Nitroglycerin May Increase Bone Density
Study Shows Heart Treatment May Have Benefit as Bone-Building Medicine
WebMD News Archive
Nitroglycerin for Bones continued...
The group taking the nitroglycerin also had an increase in a marker of bone formation and a decrease in a marker for bone loss.
Headache was the most common side effect reported by those in the nitroglycerin group, with 35% of participants complaining of it compared to 5.4% in the placebo group in the first month.
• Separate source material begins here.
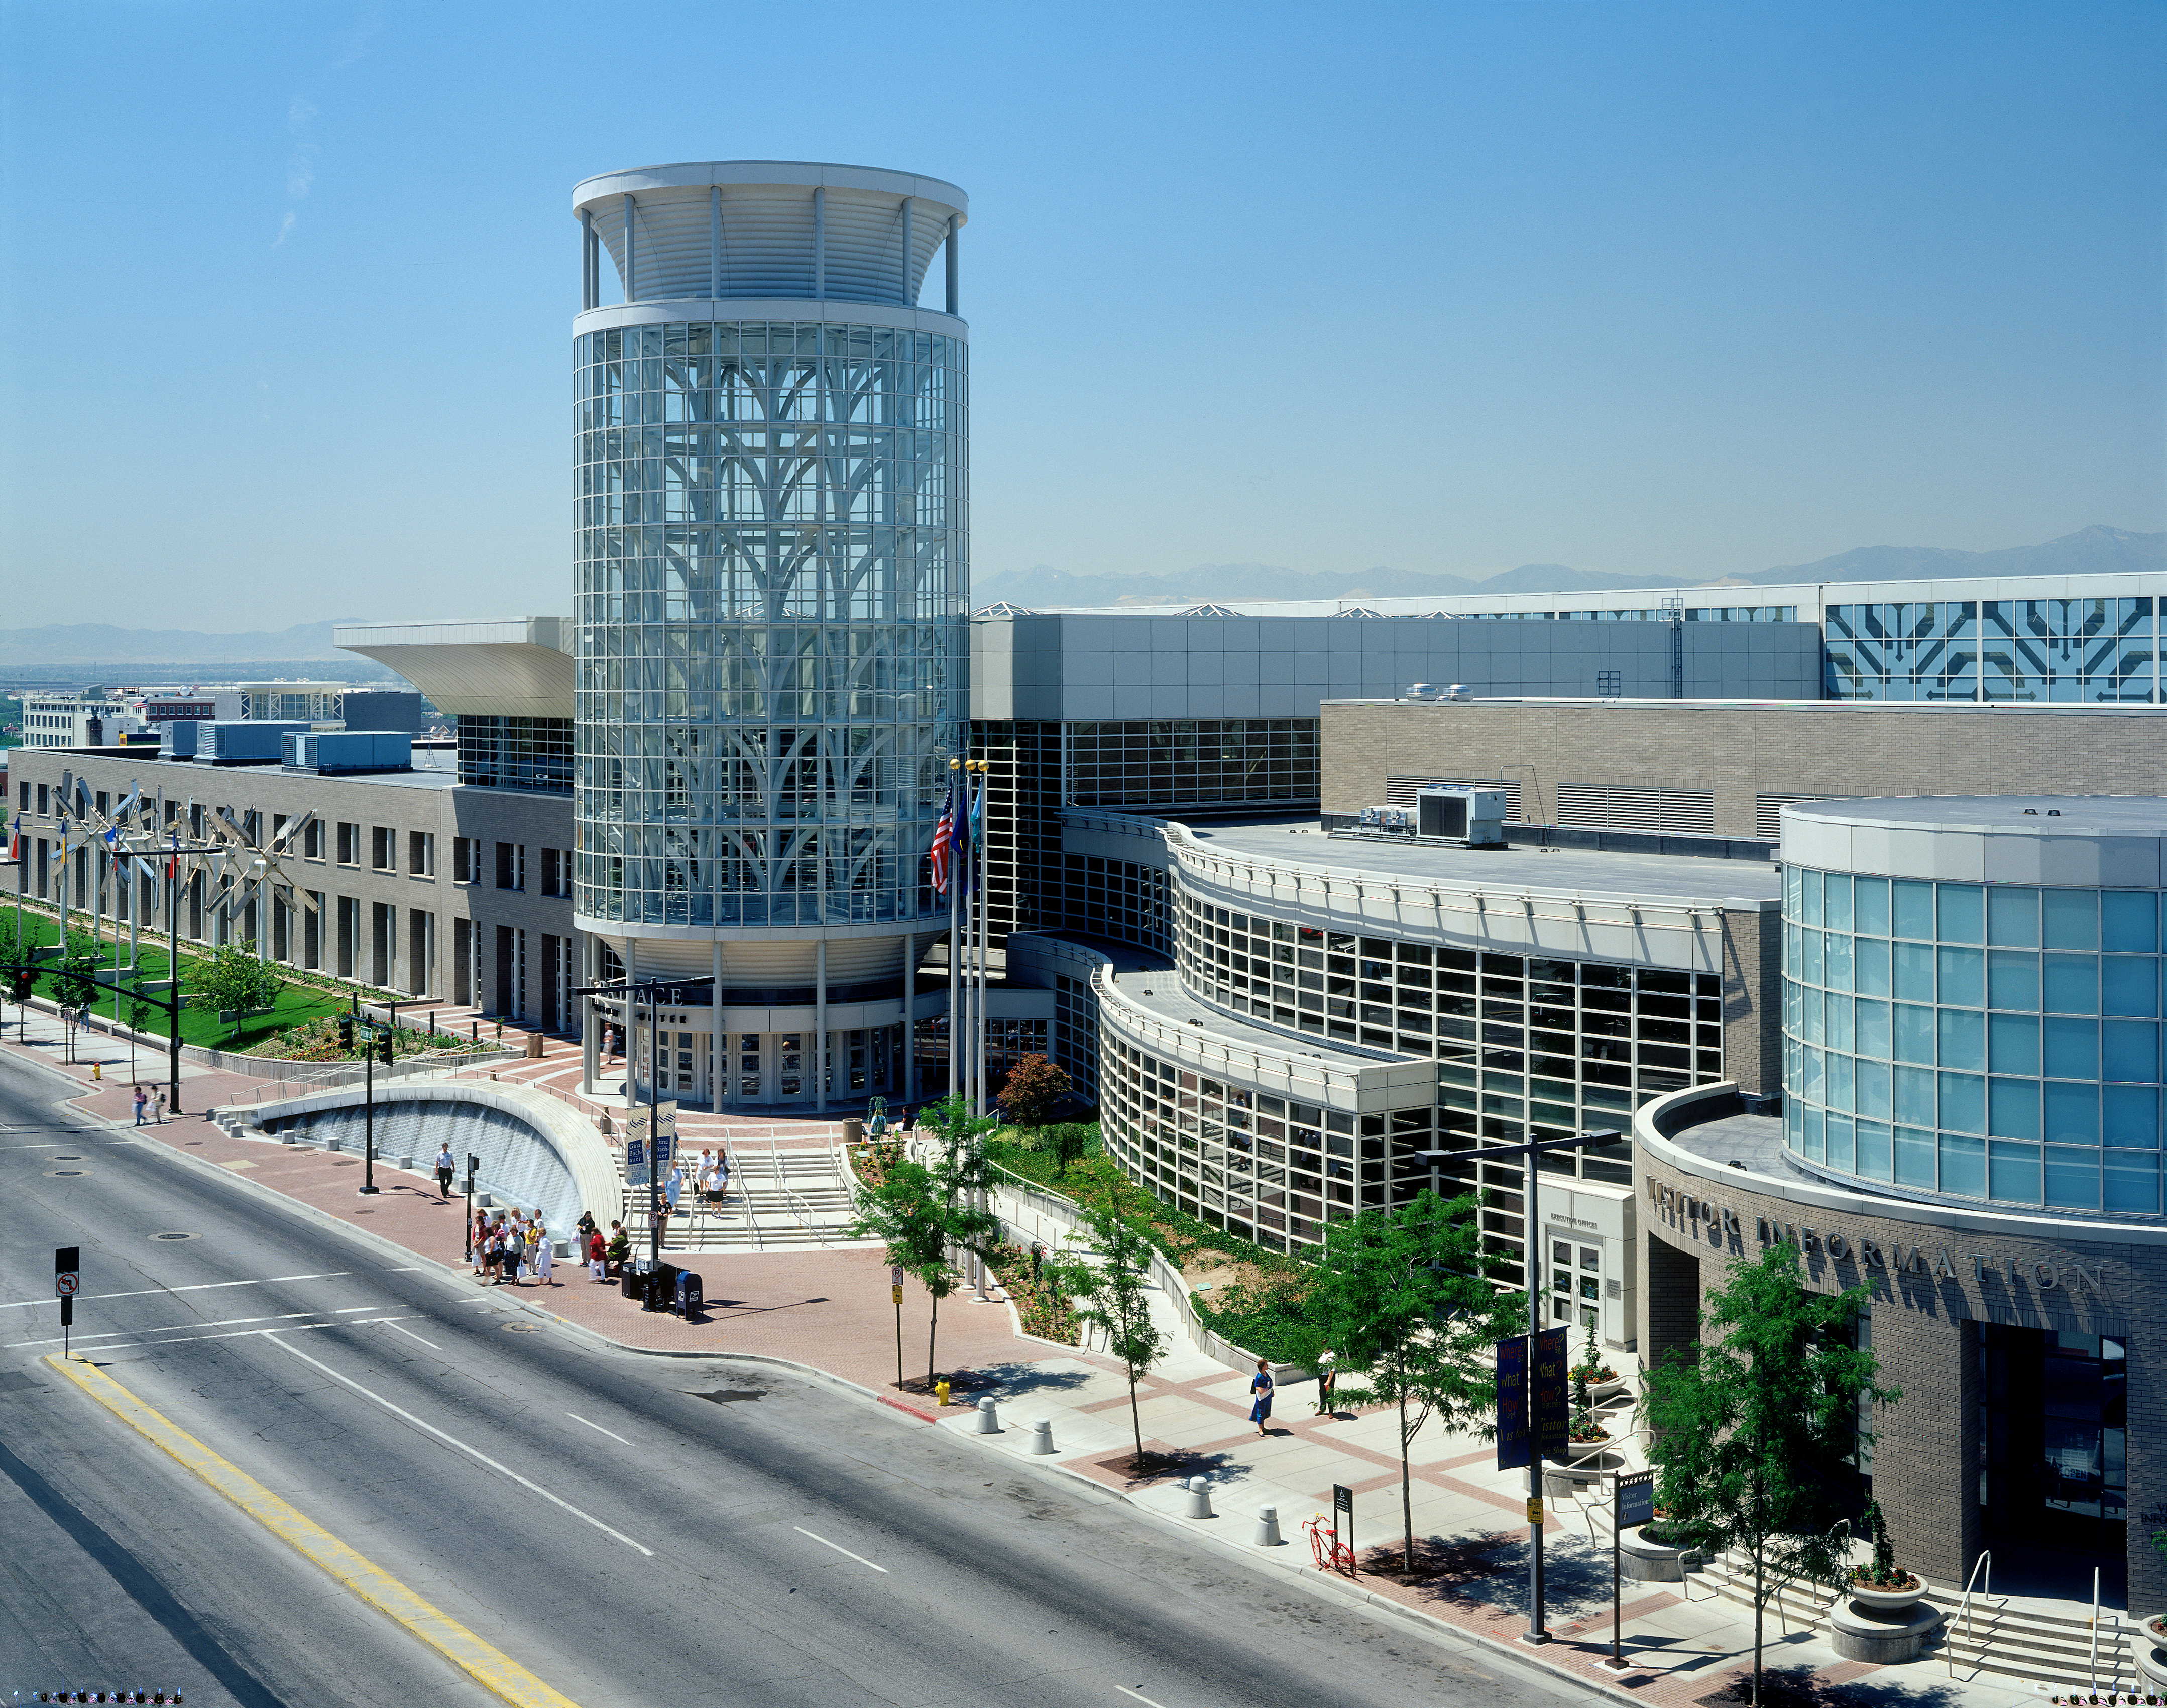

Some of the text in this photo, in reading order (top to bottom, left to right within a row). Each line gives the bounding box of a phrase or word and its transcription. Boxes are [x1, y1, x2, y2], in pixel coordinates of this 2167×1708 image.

[1645, 1174, 2104, 1294] VISITOR INFORMATION
[2062, 1466, 2087, 1479] OPEN
[1621, 1492, 1637, 1500] Visitor
[1622, 1499, 1649, 1510] Information
Over time, the headaches in the treated women declined.
The study was funded by the Canadian Institute of Health Research and the Physicians' Services Incorporated.
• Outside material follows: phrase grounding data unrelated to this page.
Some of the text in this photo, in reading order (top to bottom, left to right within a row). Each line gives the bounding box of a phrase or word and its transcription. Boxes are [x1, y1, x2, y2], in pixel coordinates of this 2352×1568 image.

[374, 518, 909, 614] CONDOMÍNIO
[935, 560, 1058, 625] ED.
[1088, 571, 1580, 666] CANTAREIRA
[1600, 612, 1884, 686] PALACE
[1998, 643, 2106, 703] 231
Jamal has received support for board membership from Novartis, Amgen, and Warner-Chilcott and has been a consultant for Genzyme, Warner-Chilcott, Novartis, and Shire.
Too Early to Recommend as Treatment
The study results are ''very intriguing," says Sundeep Khosla, MD, a professor of medicine at the College of Medicine, Mayo Clinic, Rochester, Minn. He wrote an editorial to accompany the study results.
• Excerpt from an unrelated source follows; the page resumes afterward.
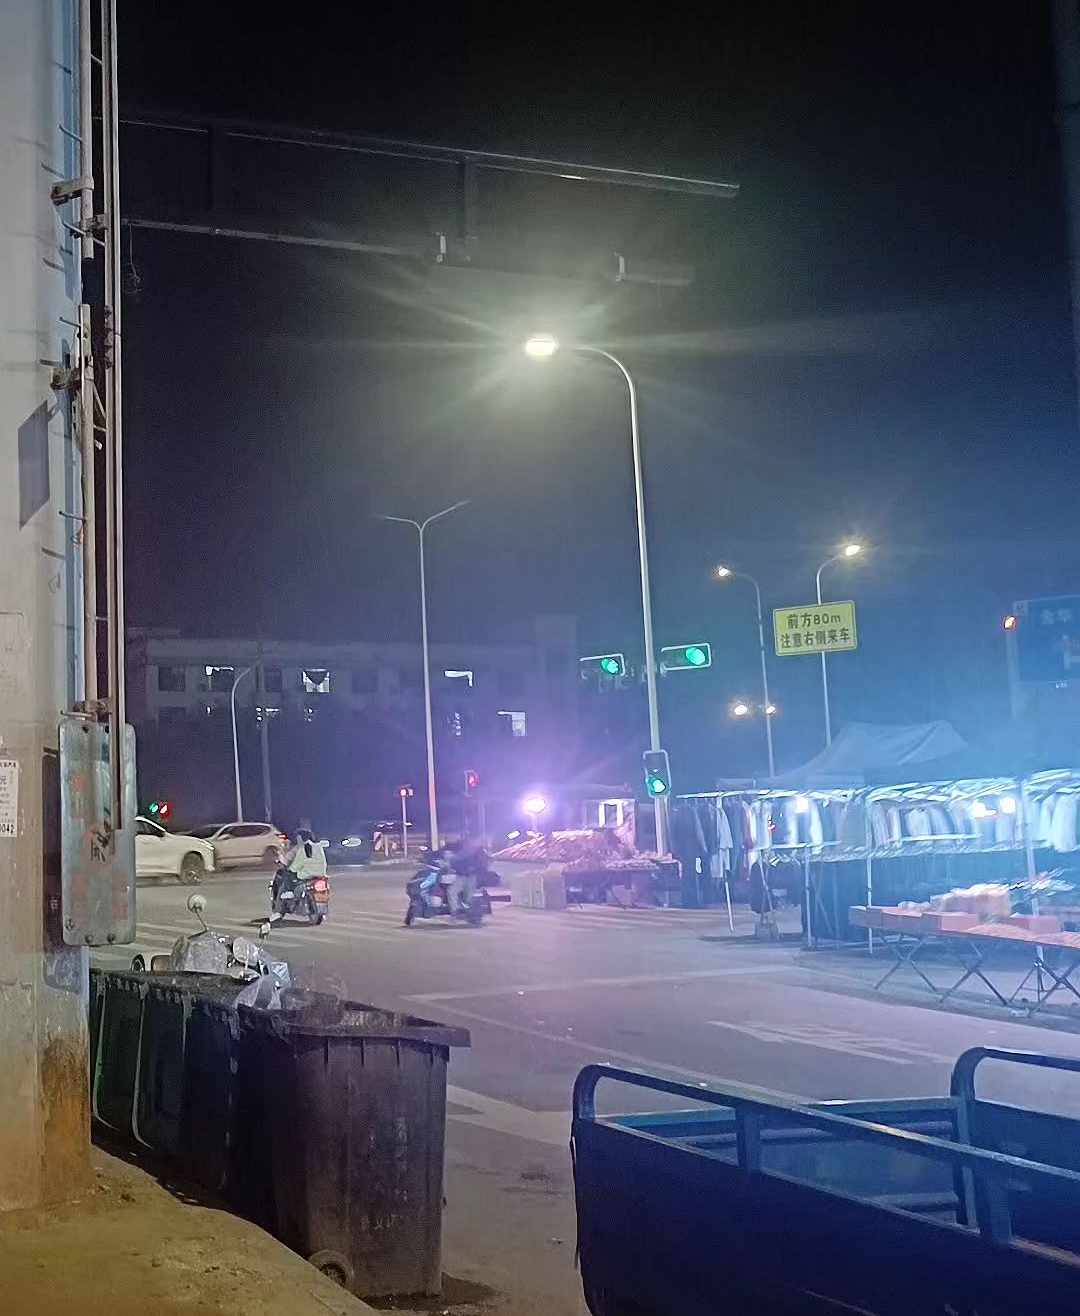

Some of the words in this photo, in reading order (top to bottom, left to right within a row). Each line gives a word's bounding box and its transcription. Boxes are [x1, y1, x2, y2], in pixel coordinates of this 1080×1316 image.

[786, 613, 841, 629] 前方80m
[781, 627, 851, 648] 注意右侧来车
However, he adds, it ''would be a little premature to start using this." The effect of the medicine on fracture risk needs more study, he tells WebMD.
For now, the good news of the new research may be for those women already taking nitroglycerin to relieve angina, he says. "If a woman is already on nitroglycerin for heart disease -- she has to take it anyway -- maybe she can take some comfort in the fact it may be helping her bones also.”
Khosla has served on a scientific advisory board for Amgen, which makes Prolia, an osteoporosis medicine.